En las sesiones ‘Recuperar la memoria para construir el futuro’ participó el Grupo de Trabajo Recuperando la Memoria de la Historia Social de Andalucía, de la CGT; Todos los nombres, y la Asociación para la Recuperación de la Memoria Histórica de Extremadura. Integrantes del equipo de Todos los nombres entregaron a las autoridades culturales regionales, a la Cámara Municipal de Barrancos y a la investigadora Dulce Simoes una relación de 49 ciudadanos portugueses que figuran en las bases de datos como represaliados por los franquistas. A esta lista se añaden los nombres de portugueses que fueron matados de hambre en el campo de La Algaba y otros 139 localizados en el antiguo cementerio.

La profesora Paula Godinho y la antropóloga y autora del libro Memorias da Guerra de Espanha, Dulce Simöes, dieron a conocer la trastienda histórica de las relaciones hispano-lusas y las páginas humanitarias que escribió en aquel verano de 1936 el teniente Antonio Augusto Seixas, al que el Ayuntamiento y el pueblo de Oliva han levantado un monumento en su honor en tierras extremeñas.

Recuerdos y penurias que han quedado fijadas en las coplas y canciones populares a las que puso voz y melodía el grupo tradicional Vozes de Barrancos y donde destaca un tema tradicional muy popular en la zona que fue recuperado por María dos Remèdios Guerreriro en 2007, A Guerra de Espanha.

FERNÁNDEZ VARA

El presidente de la Junta de Extremadura, Guillermo Fernández Vara, ha reconocido y agradecido la solidaridad del pueblo portugués de Barrancos con los extremeños que se refugiaron en los alrededores de este municipio huyendo de la Guerra Civil

Fernández Vara ha realizado estas declaraciones este sábado en la localidad portuguesa de Barrancos, donde ha participado en la Jornada “Memórias da Guerra de Espanha na frontera do Baixo Alentejo, Oitenta anos depois (1936-2016)”.

El jefe del Ejecutivo ha indicado que desde que en el año 2009 se concediera la Medalla de Extremadura a Barrancos éste se considera como un pueblo más de la región que disfruta de dos culturas, la alentejana y la extremeña, que son complementarias y hermanas.

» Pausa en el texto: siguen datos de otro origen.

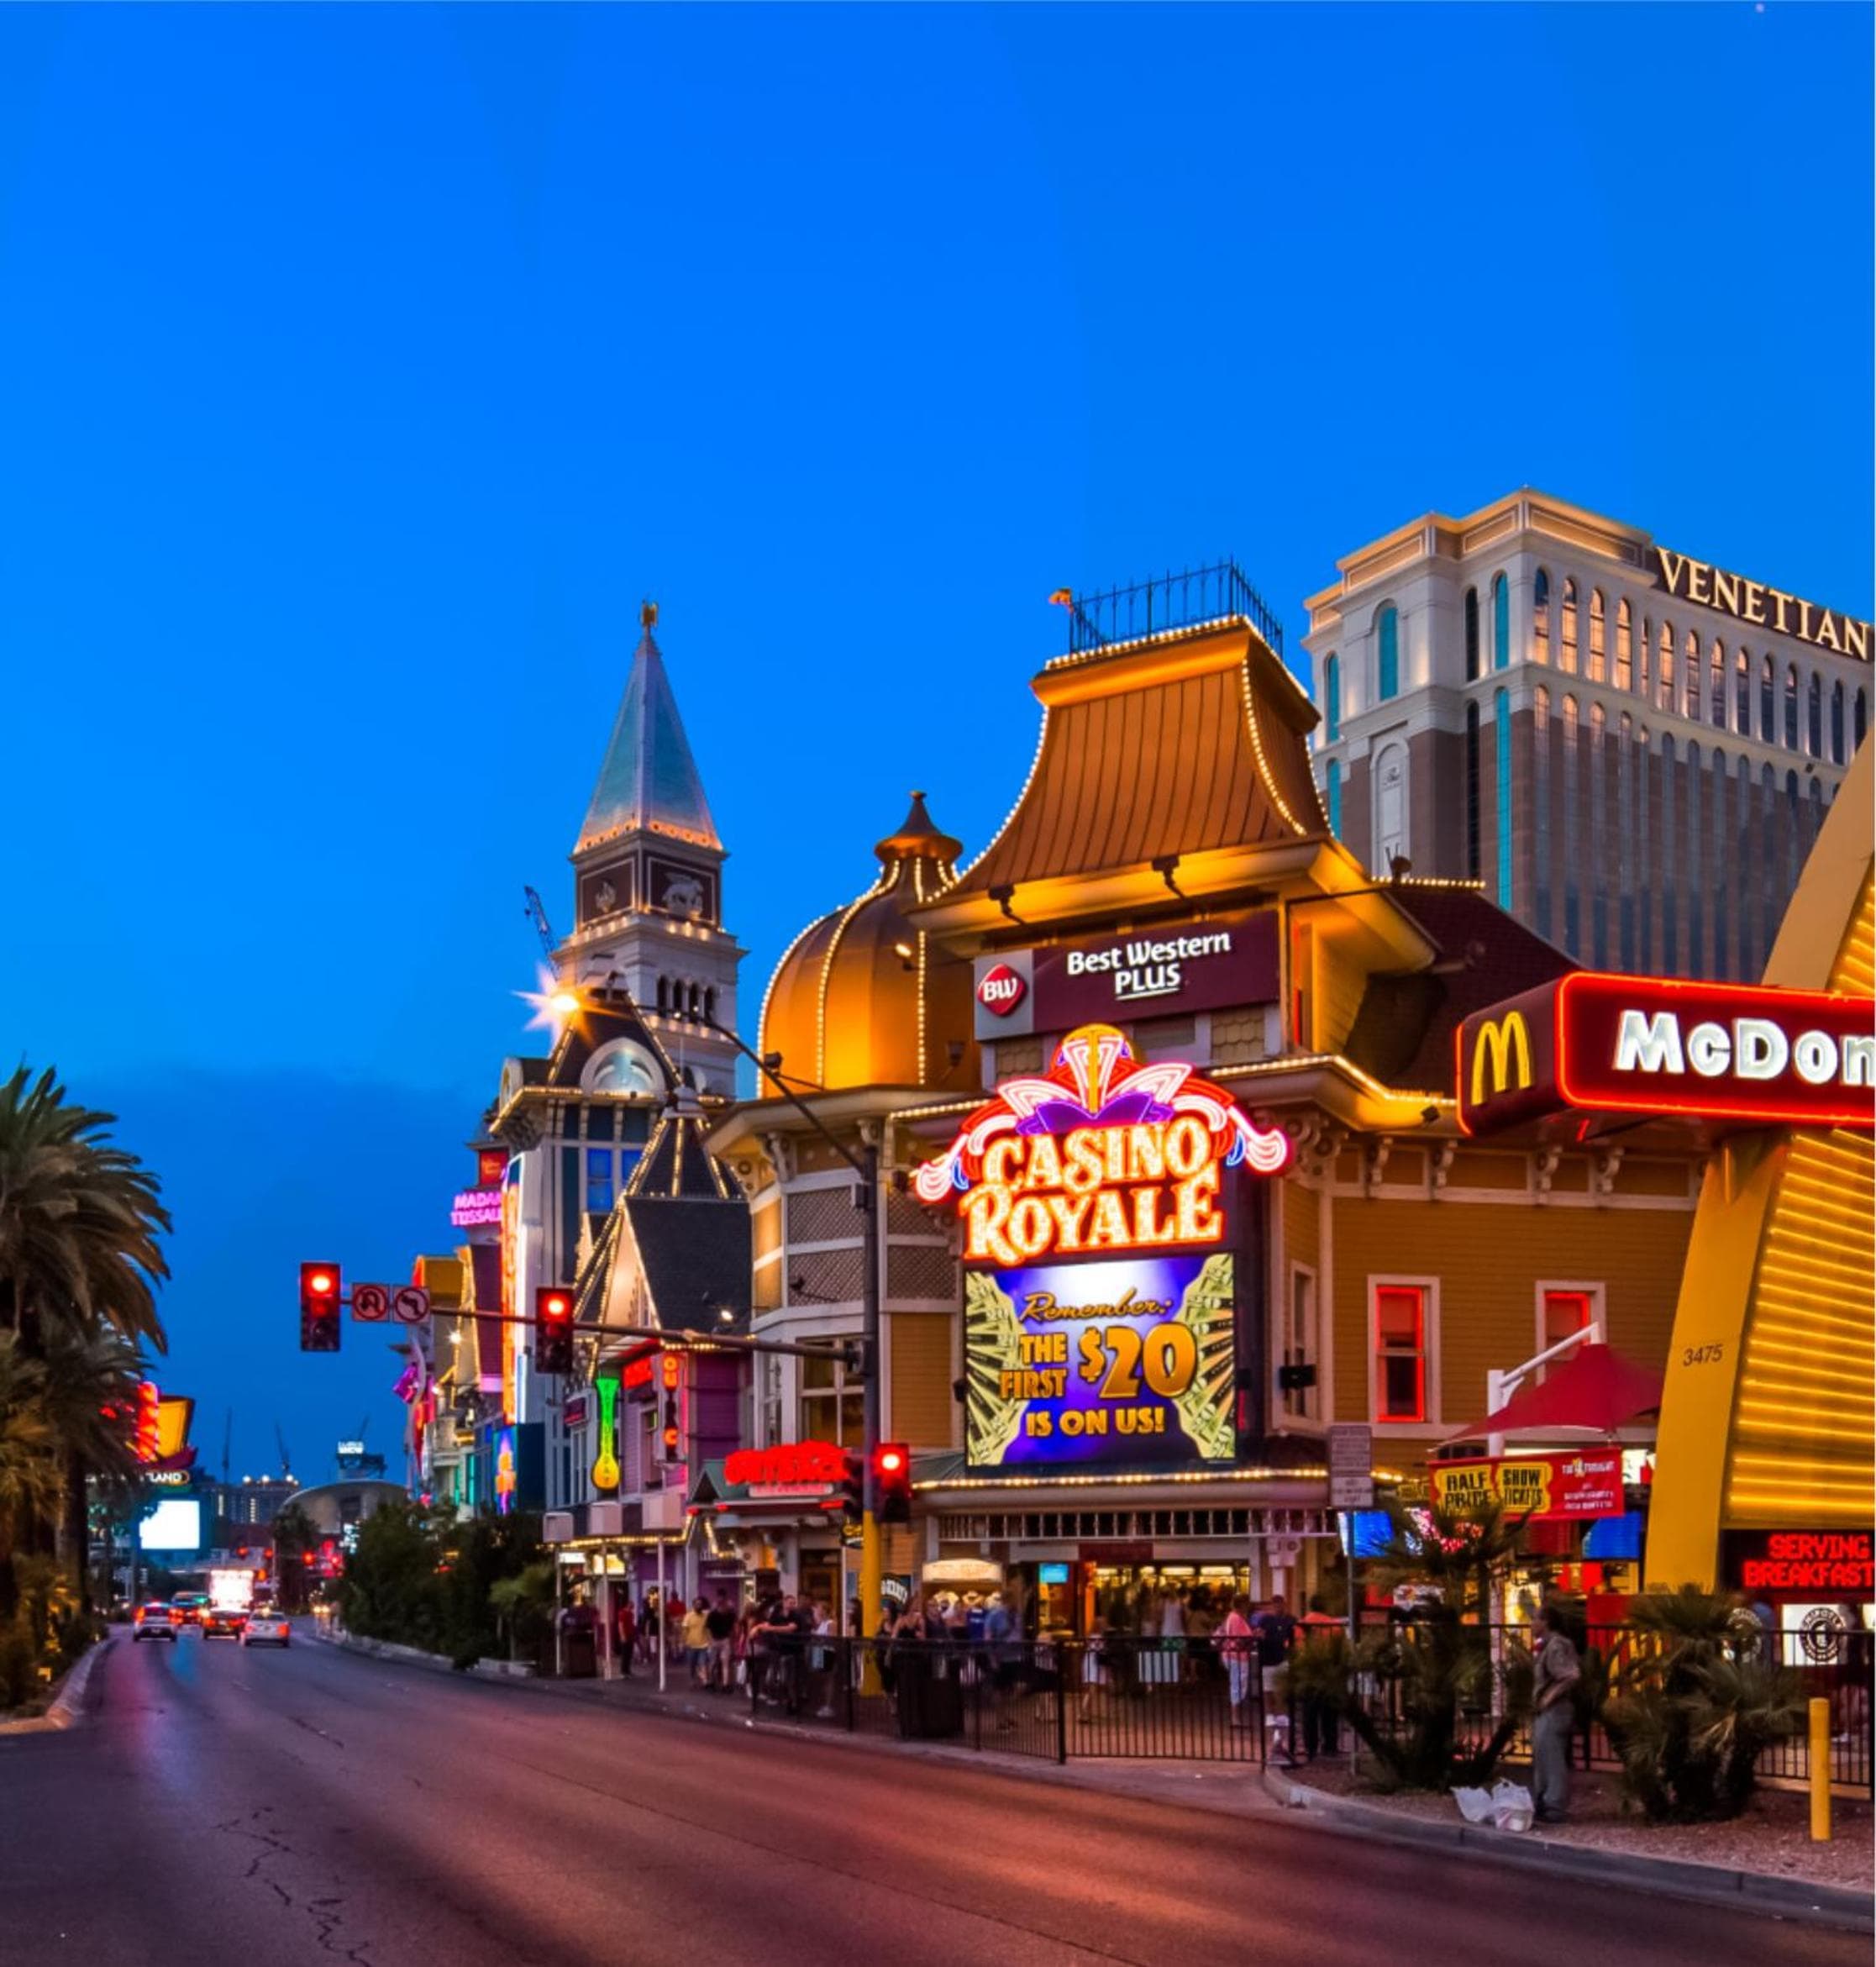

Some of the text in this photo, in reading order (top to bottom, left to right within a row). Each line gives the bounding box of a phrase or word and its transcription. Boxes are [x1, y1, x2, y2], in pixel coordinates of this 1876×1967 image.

[1656, 546, 1870, 661] VENETIAN
[1068, 933, 1231, 975] Best Western
[983, 977, 1018, 1002] BW
[1115, 965, 1180, 994] PLUS
[1612, 1009, 1874, 1086] McDon
[981, 1116, 1211, 1193] CASINO
[961, 1161, 1223, 1265] ROYALE
[1019, 1333, 1068, 1365] THE
[1079, 1322, 1198, 1399] $20
[1684, 1344, 1723, 1367] 3475
[1000, 1368, 1068, 1399] FIRST
[1026, 1407, 1165, 1437] IS ON US!
[145, 1472, 182, 1484] LAND
[1447, 1471, 1488, 1491] HALF
[1502, 1469, 1540, 1483] SHOW
[1446, 1490, 1490, 1510] PRICE
[1503, 1488, 1542, 1507] TICKETS
[1768, 1533, 1870, 1559] SERVING
[1743, 1560, 1874, 1587] BREAKFAST

Ha indicado que las jornadas que acoge este fin de semana Barrancos son especiales porque son ejemplo de solidaridad y sostenibilidad. Sostenibilidad porque se celebran en el Parque de la Naturaleza de Noudar, un paraje que Fernández Vara ha considerado un ejemplo de desarrollo sostenible e integral.

Fernández Vara ha recordado que las personas que se encontraron en esta zona en los años de la Guerra Civil en España probablemente no se conocían de nada y sin embargo salió lo mejor del ser humano, porque los españoles que se refugiaron en los alrededores de este pueblo portugués pudieron hacerlo gracias a que sus vecinos y un grupo de militares portugueses quisieron que así fuese.

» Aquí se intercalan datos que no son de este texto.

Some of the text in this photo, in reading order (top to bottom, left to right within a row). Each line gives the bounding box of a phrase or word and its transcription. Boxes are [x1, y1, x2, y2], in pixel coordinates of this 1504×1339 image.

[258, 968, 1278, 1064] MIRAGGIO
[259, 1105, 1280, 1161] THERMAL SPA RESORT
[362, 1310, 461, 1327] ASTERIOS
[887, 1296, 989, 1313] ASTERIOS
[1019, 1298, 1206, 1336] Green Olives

One Response to Portugal y España recuperan la memoria de los refugiados de Barrancos y del teniente Seixas

  1. Me ha gustado mucho el artículo, como todo lo relacionado con la Historia portuguesa. No obstante, me gustaría hacer una aclaración: António de Oliveira Salazar no fue ningún general (de hecho, los detestaba). Fue un catedrático de la Universidade de Coimbra, llamado por la Ditadura Militar (implantada en 1926), para reconducir el gran problema del régimen: la deuda pública. En 1933, tras ganar peso en el Gobierno gracias a su labor al cargo de las Finanzas, creó lo que se denominó como Estado Novo. Un régimen en apariencia republicano y democrático, pero en la práctica autoritario y represivo. En él ejerció el cargo de Presidente del Consejo de Ministros, estando únicamente al cargo del Gobierno y supeditado al Presidente de la República, Carmona. En la práctica, controló todo.